▸ **Problem**
Please set down the records exactly, keeping every line.

▸ **Material shown**
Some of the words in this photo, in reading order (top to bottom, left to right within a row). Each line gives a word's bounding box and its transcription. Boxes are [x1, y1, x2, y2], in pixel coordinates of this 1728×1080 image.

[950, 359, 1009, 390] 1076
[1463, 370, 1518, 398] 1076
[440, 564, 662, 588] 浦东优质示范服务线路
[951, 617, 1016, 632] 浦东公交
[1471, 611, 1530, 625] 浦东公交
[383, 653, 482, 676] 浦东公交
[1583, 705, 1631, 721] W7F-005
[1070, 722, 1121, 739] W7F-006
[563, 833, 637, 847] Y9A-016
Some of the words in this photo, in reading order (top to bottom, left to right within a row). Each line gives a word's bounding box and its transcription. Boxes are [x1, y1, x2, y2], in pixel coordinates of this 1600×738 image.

▸ **Expected answer**
Some of the words in this photo, in reading order (top to bottom, left to right within a row). Each line gives a word's bounding box and its transcription. Boxes are [x1, y1, x2, y2], in pixel coordinates of this 1728×1080 image.

[950, 359, 1009, 390] 1076
[1463, 370, 1518, 398] 1076
[440, 564, 662, 588] 浦东优质示范服务线路
[951, 617, 1016, 632] 浦东公交
[1471, 611, 1530, 625] 浦东公交
[383, 653, 482, 676] 浦东公交
[1583, 705, 1631, 721] W7F-005
[1070, 722, 1121, 739] W7F-006
[563, 833, 637, 847] Y9A-016
Some of the words in this photo, in reading order (top to bottom, left to right within a row). Each line gives a word's bounding box and its transcription. Boxes are [x1, y1, x2, y2], in pixel coordinates of this 1600×738 image.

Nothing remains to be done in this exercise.